## Work to complete
Transcribe all the entries word for word, omitting any pictures they contain.
---------- Supplied records
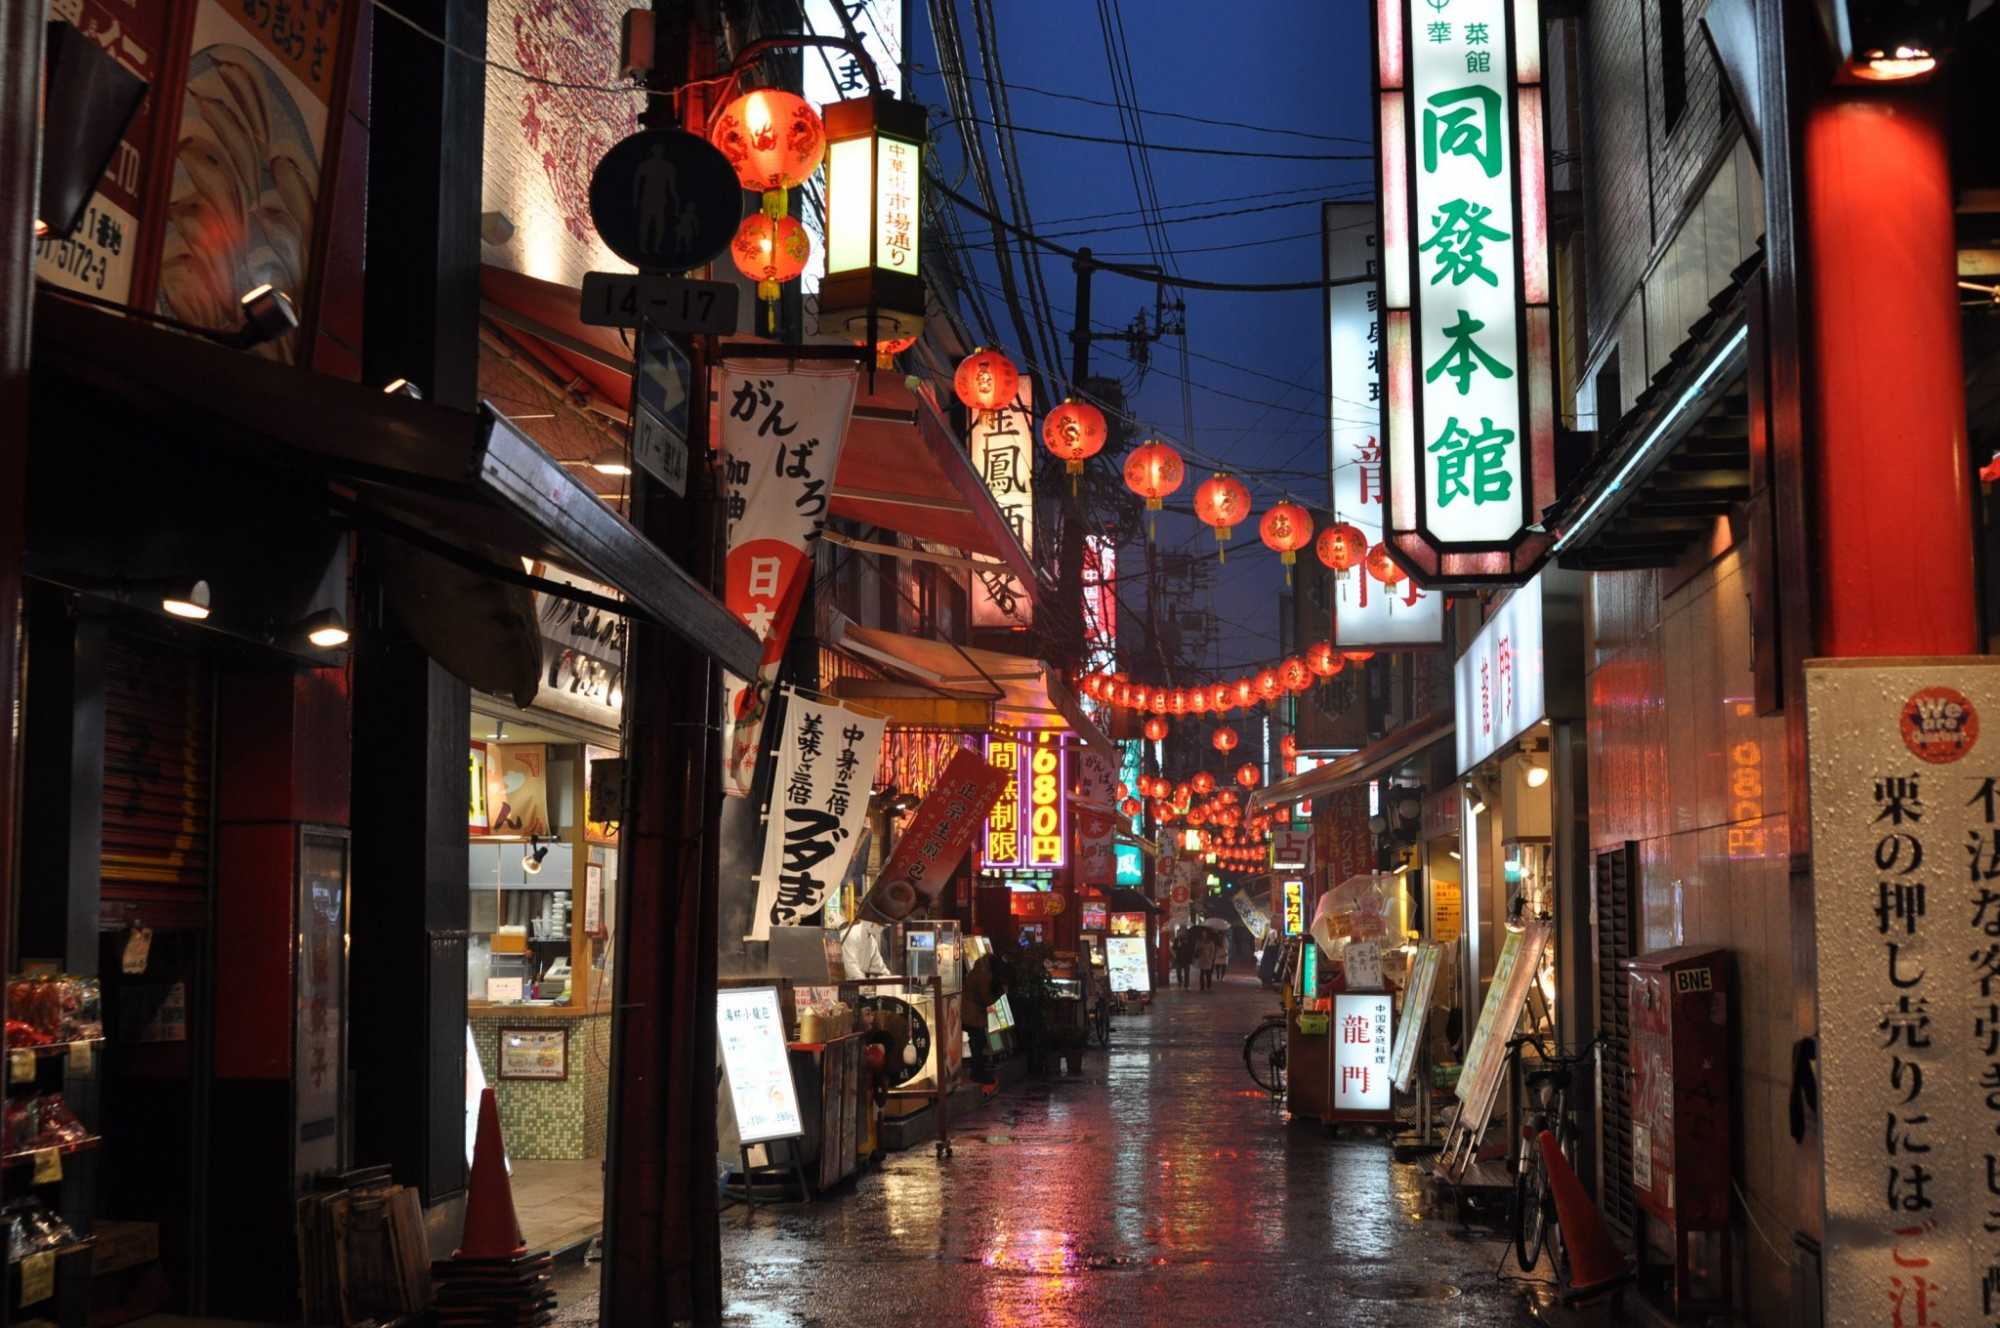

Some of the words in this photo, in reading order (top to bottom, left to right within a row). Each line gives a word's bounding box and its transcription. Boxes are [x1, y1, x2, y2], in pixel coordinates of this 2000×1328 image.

[1418, 85, 1515, 508] 同發本館
[1677, 969, 1712, 992] BNE
[1343, 1013, 1371, 1094] 龍門
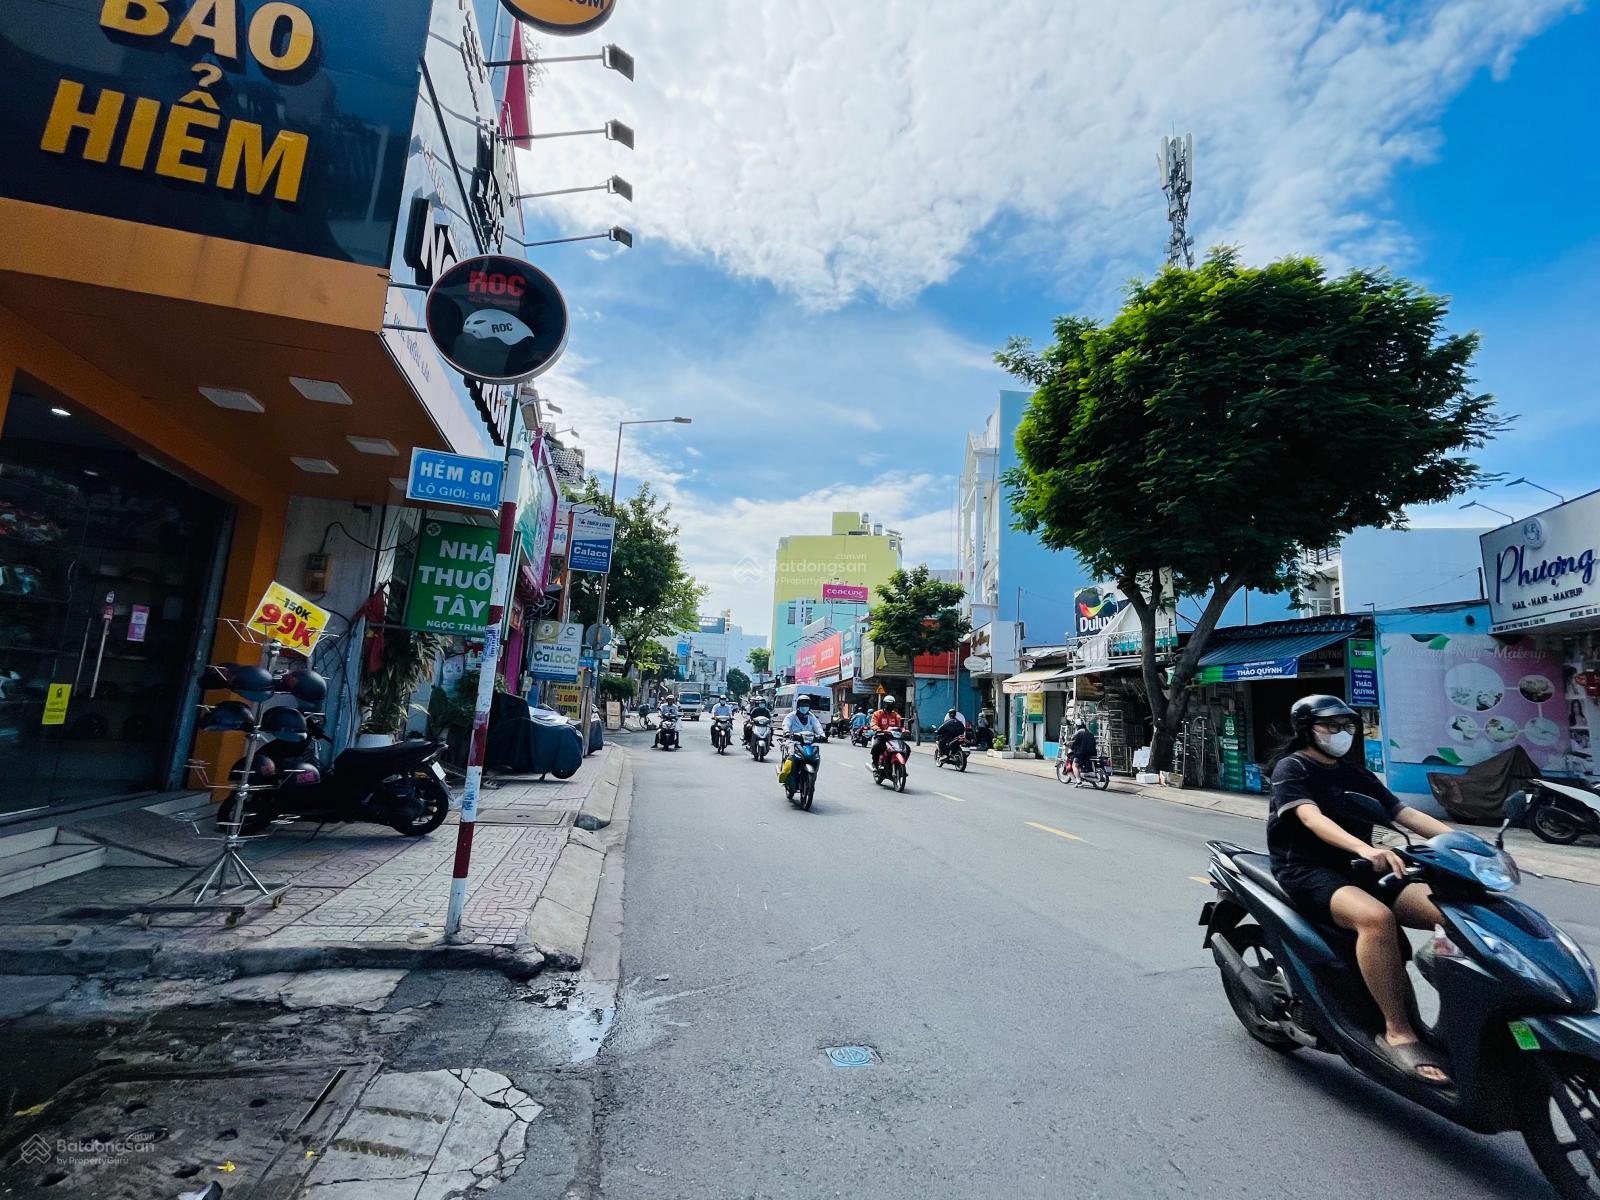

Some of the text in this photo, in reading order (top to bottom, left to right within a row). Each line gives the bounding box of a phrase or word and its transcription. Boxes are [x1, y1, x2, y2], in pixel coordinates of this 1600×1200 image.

[40, 62, 309, 202] HIỂM
[468, 270, 526, 297] ROC
[491, 322, 513, 334] ROC
[420, 458, 494, 487] HẺM 80
[418, 482, 436, 496] LỘ
[473, 491, 491, 502] 6M
[439, 540, 495, 564] NHÀ
[574, 546, 608, 558] Calaco
[418, 565, 494, 591] THUỐ
[1495, 544, 1597, 604] Phượng
[432, 593, 488, 618] TÂY
[1552, 587, 1584, 600] MAKEUP
[283, 597, 312, 622] 150K
[254, 603, 316, 648] 99K
[426, 619, 456, 631] NGỌC
[1079, 615, 1114, 633] Dulux
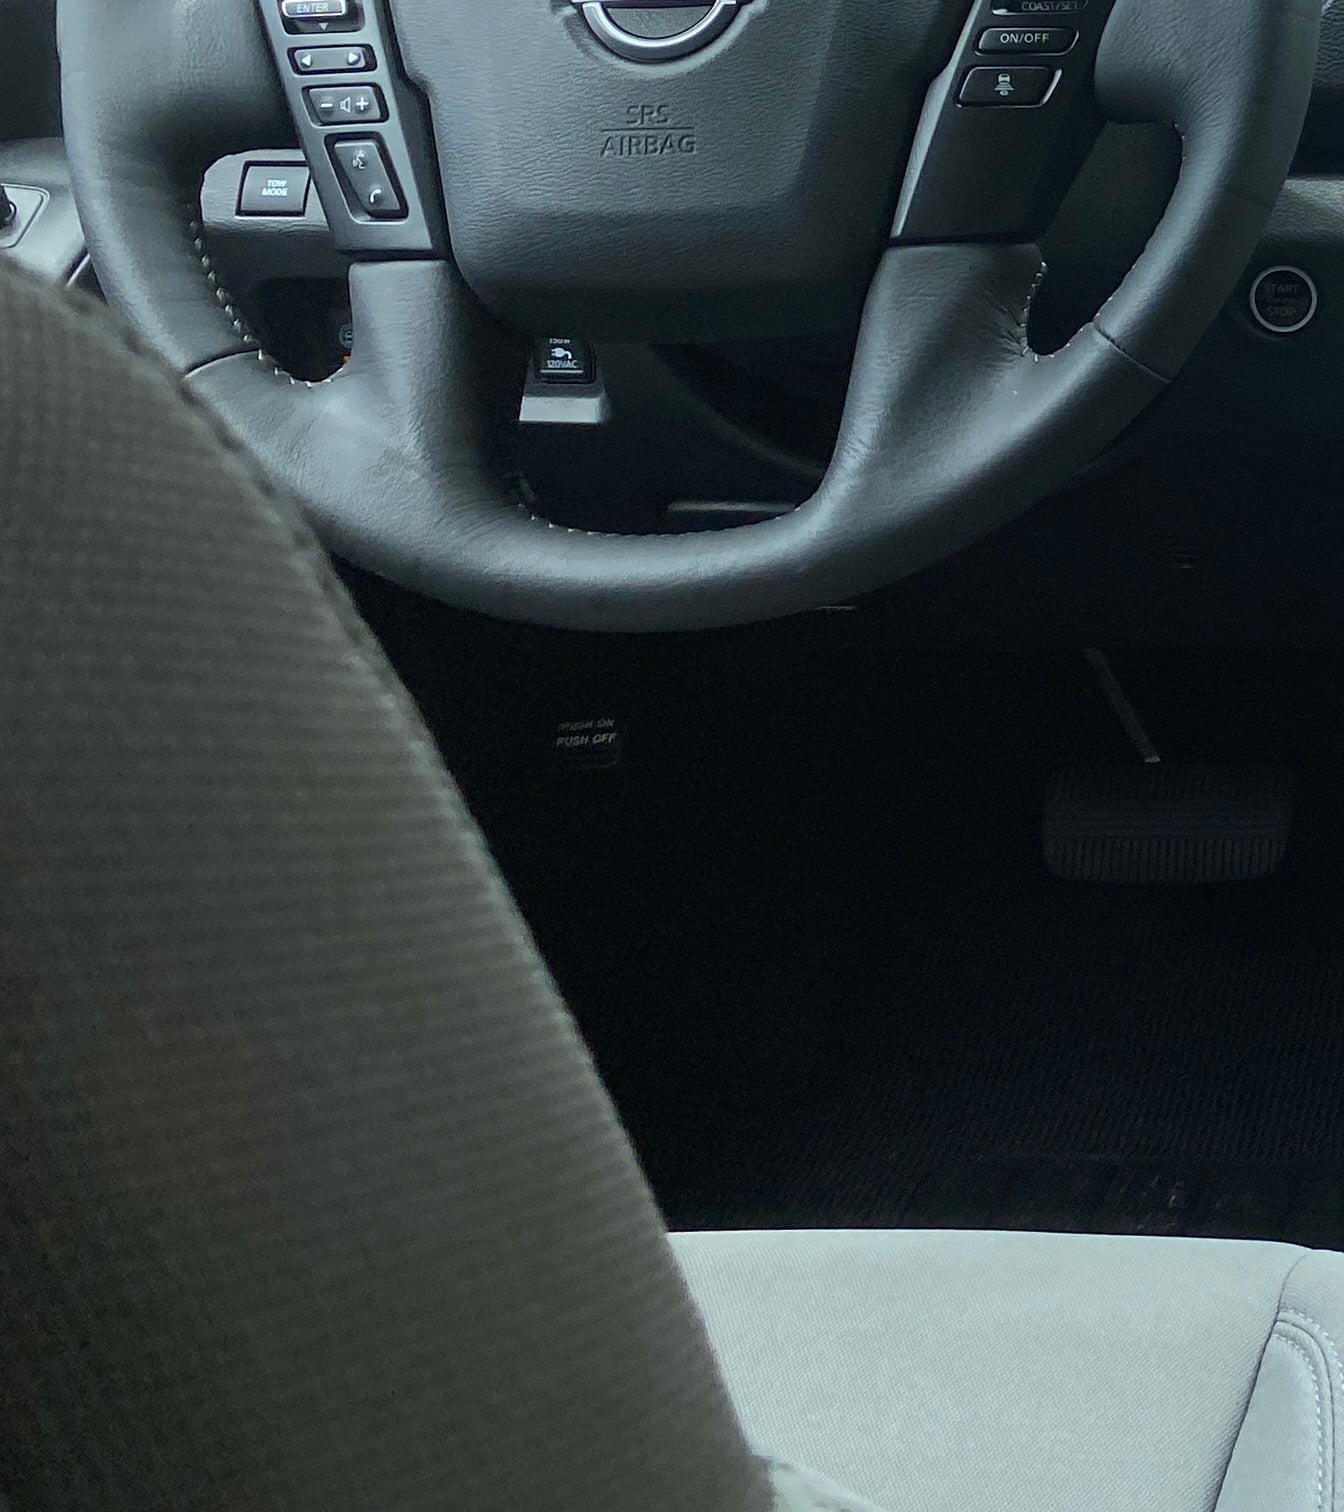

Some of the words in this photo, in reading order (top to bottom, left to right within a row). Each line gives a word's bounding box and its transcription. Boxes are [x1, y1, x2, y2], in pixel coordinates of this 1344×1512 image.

[296, 2, 329, 13] ENTER
[1021, 1, 1078, 11] COAST/SET
[1000, 33, 1050, 44] ON/OFF
[626, 104, 671, 125] SRS
[600, 134, 696, 158] AIRBAG
[267, 179, 287, 187] TOW
[262, 188, 288, 196] MODE
[556, 735, 589, 748] PUSH
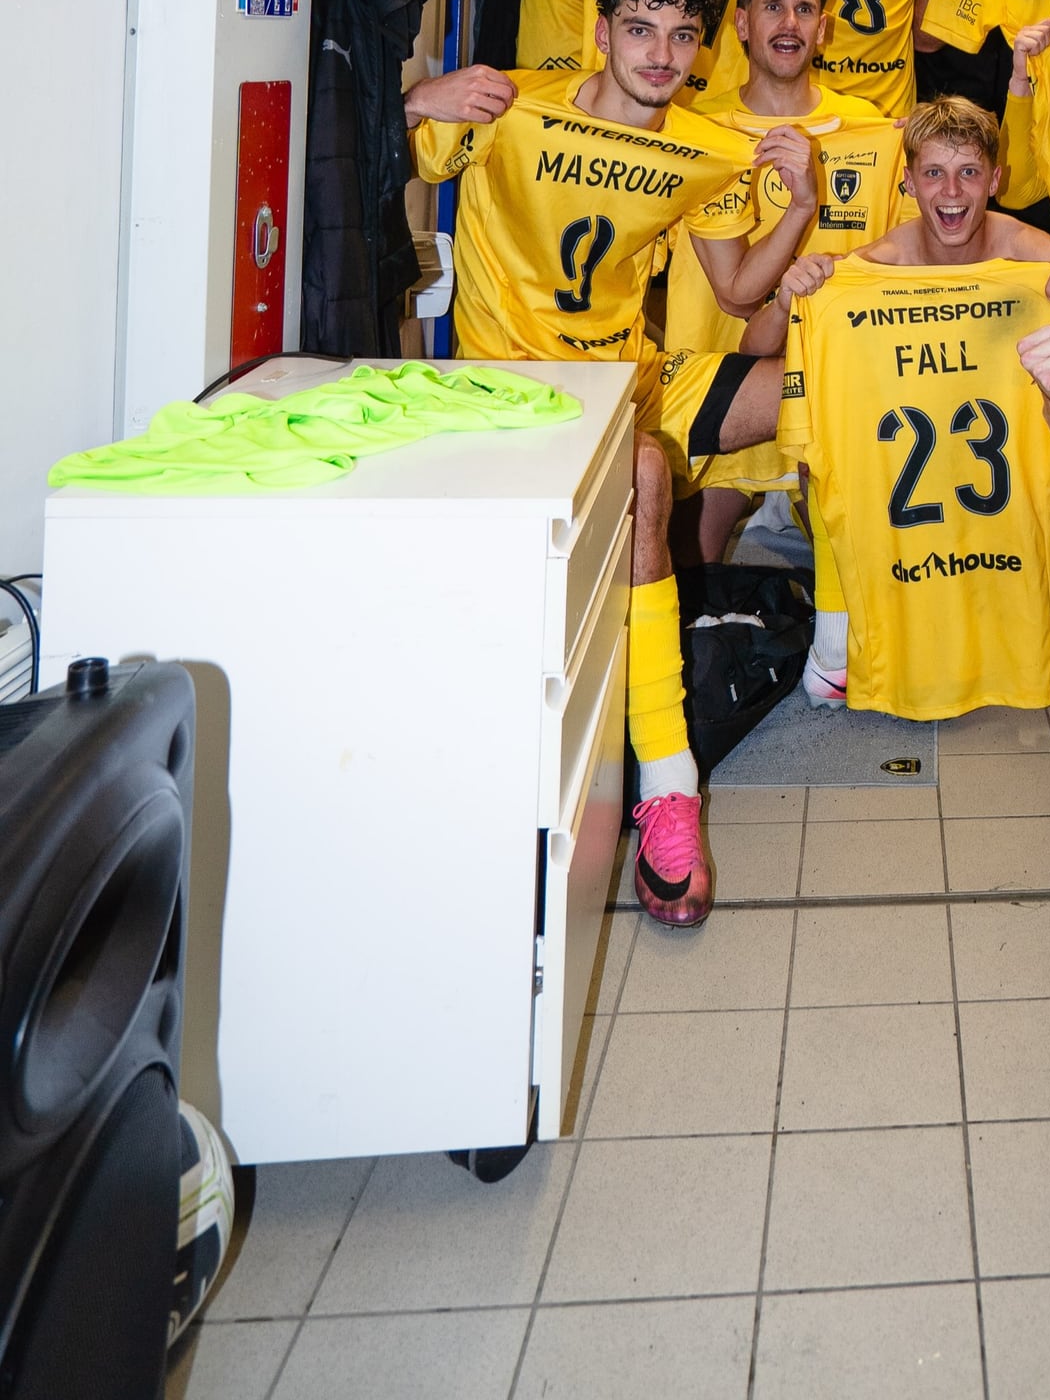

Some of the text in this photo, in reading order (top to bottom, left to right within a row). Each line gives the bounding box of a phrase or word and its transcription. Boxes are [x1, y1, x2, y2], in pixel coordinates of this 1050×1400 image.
--------------------
## Task result
Some of the words in this photo, in reading order (top to bottom, left to right within a row). Each line gives a word's bounding box and its transcription. Boxes are [x1, y1, x2, y2], in pixel coordinates of this 2000×1328 image.

[1418, 85, 1515, 508] 同發本館
[1677, 969, 1712, 992] BNE
[1343, 1013, 1371, 1094] 龍門

Some of the text in this photo, in reading order (top to bottom, left to right within a row). Each line gives the bounding box of a phrase or word and its transcription. Boxes are [x1, y1, x2, y2], in pixel coordinates of this 1600×1200 image.

[40, 62, 309, 202] HIỂM
[468, 270, 526, 297] ROC
[491, 322, 513, 334] ROC
[420, 458, 494, 487] HẺM 80
[418, 482, 436, 496] LỘ
[473, 491, 491, 502] 6M
[439, 540, 495, 564] NHÀ
[574, 546, 608, 558] Calaco
[418, 565, 494, 591] THUỐ
[1495, 544, 1597, 604] Phượng
[432, 593, 488, 618] TÂY
[1552, 587, 1584, 600] MAKEUP
[283, 597, 312, 622] 150K
[254, 603, 316, 648] 99K
[426, 619, 456, 631] NGỌC
[1079, 615, 1114, 633] Dulux

Some of the words in this photo, in reading order (top to bottom, left to right within a row). Each line gives a word's bounding box and its transcription. Boxes are [x1, y1, x2, y2], in pixel coordinates of this 1344×1512 image.

[296, 2, 329, 13] ENTER
[1021, 1, 1078, 11] COAST/SET
[1000, 33, 1050, 44] ON/OFF
[626, 104, 671, 125] SRS
[600, 134, 696, 158] AIRBAG
[267, 179, 287, 187] TOW
[262, 188, 288, 196] MODE
[556, 735, 589, 748] PUSH

Some of the text in this photo, in reading order (top to bottom, left to right within a row). Each line gives the bounding box of a phrase or word and its transcription. Boxes are [x1, y1, x2, y2], in pixel coordinates of this 1050×1400 image.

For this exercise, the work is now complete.